Thursday, November 3, 2011

A Doctor, a Lawyer and a Mathematician about Mistresses.

"There are three men in a bar, a doctor, a lawyer, and a mathematician ... and they are discussing whether it's better to have a wife or a ... mistress. The doctor says, "It's much better to have a wife because you work all day, you come home at the end of the day, you want to have a steady, settled family life." And the lawyer says, "No, no, no, no, no. It's much better to have a mistress because maybe for the first 5, 10, 20, 30 years you'd like to have a steady family life, but if you change your mind, it gets incredibly complicated, so it's much, much better to have a mistress." And they're going back and forth, they can't agree, so they turn to the mathematician. "What do you think?" And the mathematician says, "It's better to have a wife and a mistress. And the reason is, your wife will be afraid to ask if you are spending time with your mistress and your mistress will know that of course you have to spend some time with your wife. Which means you can spend your time doing mathematics!"

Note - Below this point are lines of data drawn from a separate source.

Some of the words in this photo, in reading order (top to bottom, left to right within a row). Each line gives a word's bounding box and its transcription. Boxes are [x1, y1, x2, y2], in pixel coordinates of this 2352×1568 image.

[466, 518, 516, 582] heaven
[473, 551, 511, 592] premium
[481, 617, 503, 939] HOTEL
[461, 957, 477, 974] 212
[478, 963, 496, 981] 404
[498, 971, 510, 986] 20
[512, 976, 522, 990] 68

Source: Joel Cohen, http://bigthink.com/ideas/19346

Tuesday, November 1, 2011

Who needs all of this education, anyway?

This is the big joke played upon you:

"Higher education is even more susceptible to the law of diminishing returns than most fields. Every extra year of higher education costs you more in terms of foregone income in return for less in terms of added value"

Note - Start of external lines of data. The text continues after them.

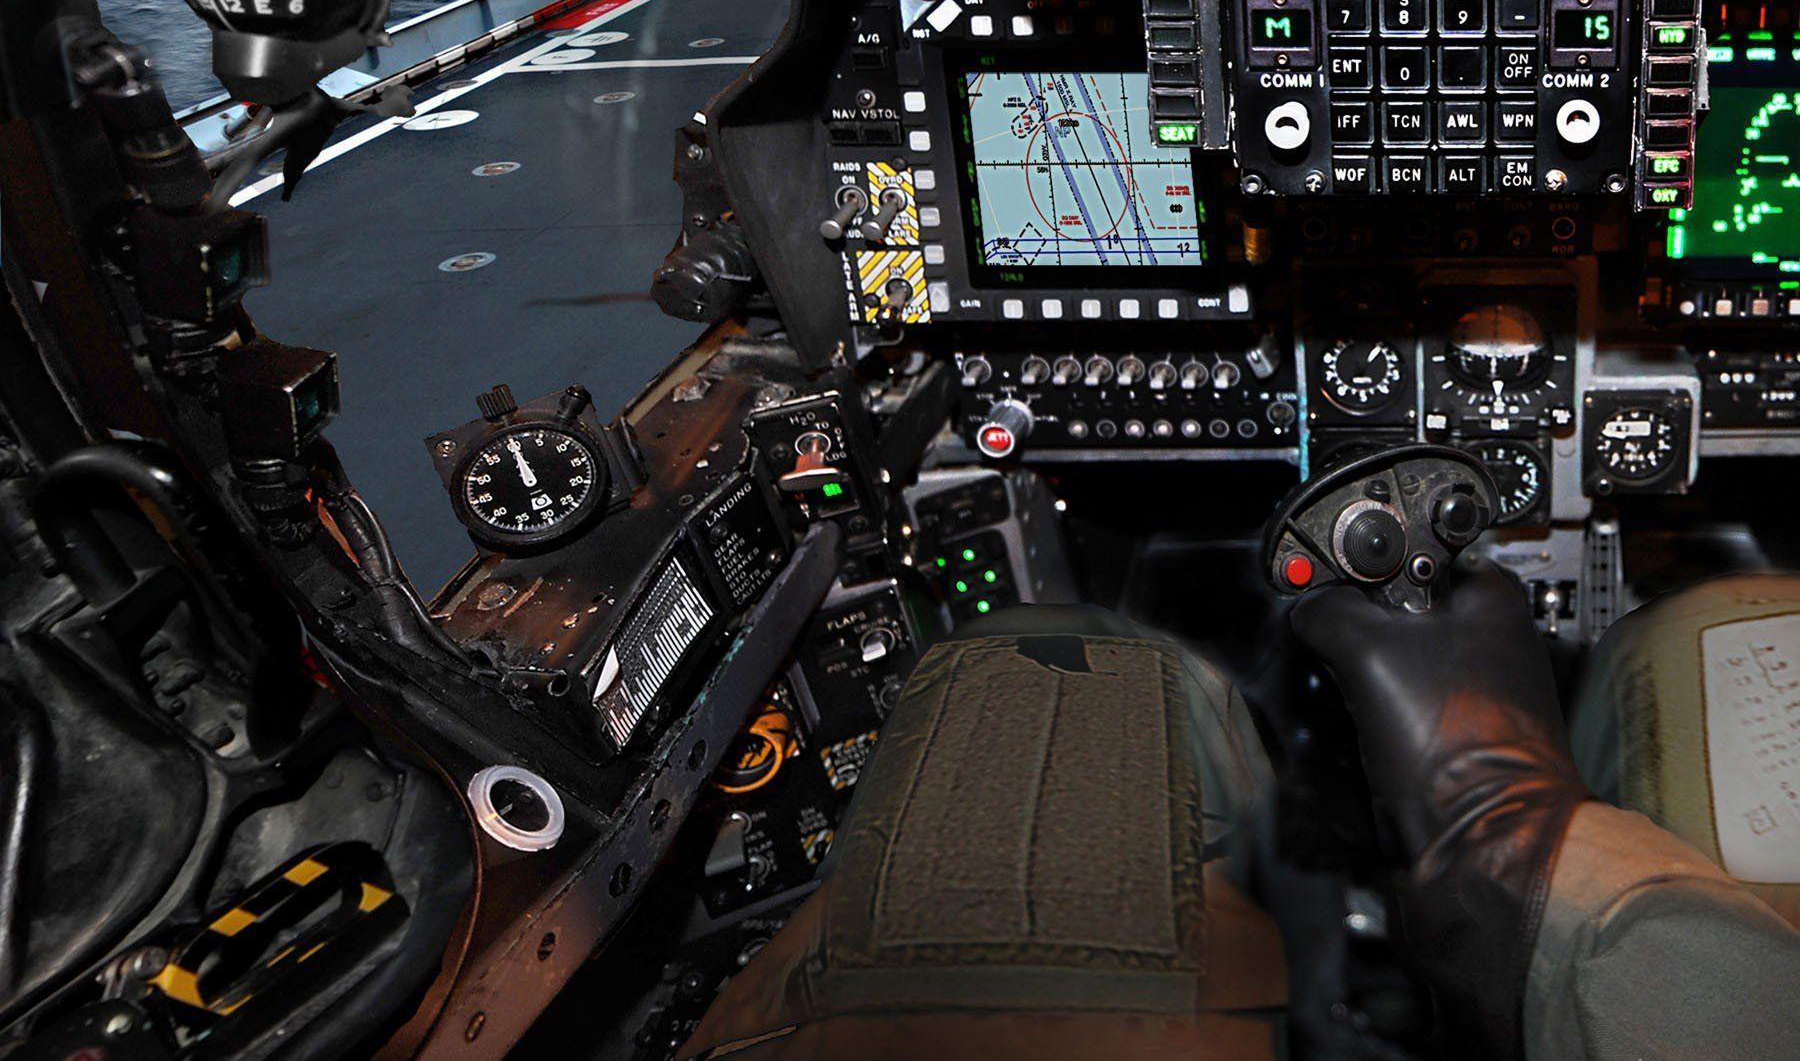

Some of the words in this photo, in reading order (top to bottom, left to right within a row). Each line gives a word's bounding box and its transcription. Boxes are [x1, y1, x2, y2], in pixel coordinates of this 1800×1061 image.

[1341, 10, 1350, 24] 7
[1399, 10, 1409, 25] 8
[1458, 10, 1468, 25] 9
[1265, 17, 1292, 38] M
[858, 34, 880, 44] A/G
[1332, 59, 1362, 73] ENT
[1508, 53, 1529, 65] ON
[1400, 67, 1410, 81] 0
[1504, 66, 1533, 79] OFF
[1260, 73, 1312, 88] COMM
[1542, 73, 1593, 88] COMM
[1599, 74, 1610, 88] 2
[832, 109, 856, 119] NAV
[861, 109, 900, 120] VSTOL
[1337, 115, 1361, 128] IFF
[1391, 114, 1421, 128] TCN
[1446, 114, 1478, 128] AWL
[1502, 114, 1534, 128] WPN
[1159, 126, 1196, 142] SEAT
[1334, 168, 1366, 182] WOF
[1392, 168, 1422, 182] BCN
[1449, 168, 1476, 182] ALT
[1506, 162, 1528, 174] EM
[842, 176, 856, 185] ON
[1502, 175, 1532, 187] CON
[1652, 189, 1678, 203] OXY
[789, 412, 816, 426] H2O
[814, 421, 830, 430] TO
[535, 439, 544, 447] 5
[556, 443, 567, 453] 10
[486, 454, 501, 466] 55
[570, 457, 582, 468] 15
[476, 474, 491, 485] 50
[569, 475, 584, 487] 20
[478, 493, 493, 504] 45
[560, 494, 575, 506] 25
[705, 482, 752, 528] LANDING
[493, 506, 507, 517] 40
[515, 512, 530, 524] 35
[540, 509, 555, 520] 30
[714, 532, 738, 558] GEAR
[718, 537, 745, 567] FLAPS
[721, 552, 745, 575] FUEL
[725, 547, 760, 583] BRAKES
[827, 611, 867, 631] FLAPS

I know. It's not funny. For you! But...

"PhD programmes are life-enhancers for professors: they give them acolytes to massage their egos and relieve them of undergraduate teaching while also doing much of their research for them. But they teach you less than you could have learned on the job and a PhD may leave you unemployable. There are far better things to do with your 20s than acquiring yet more letters after your name."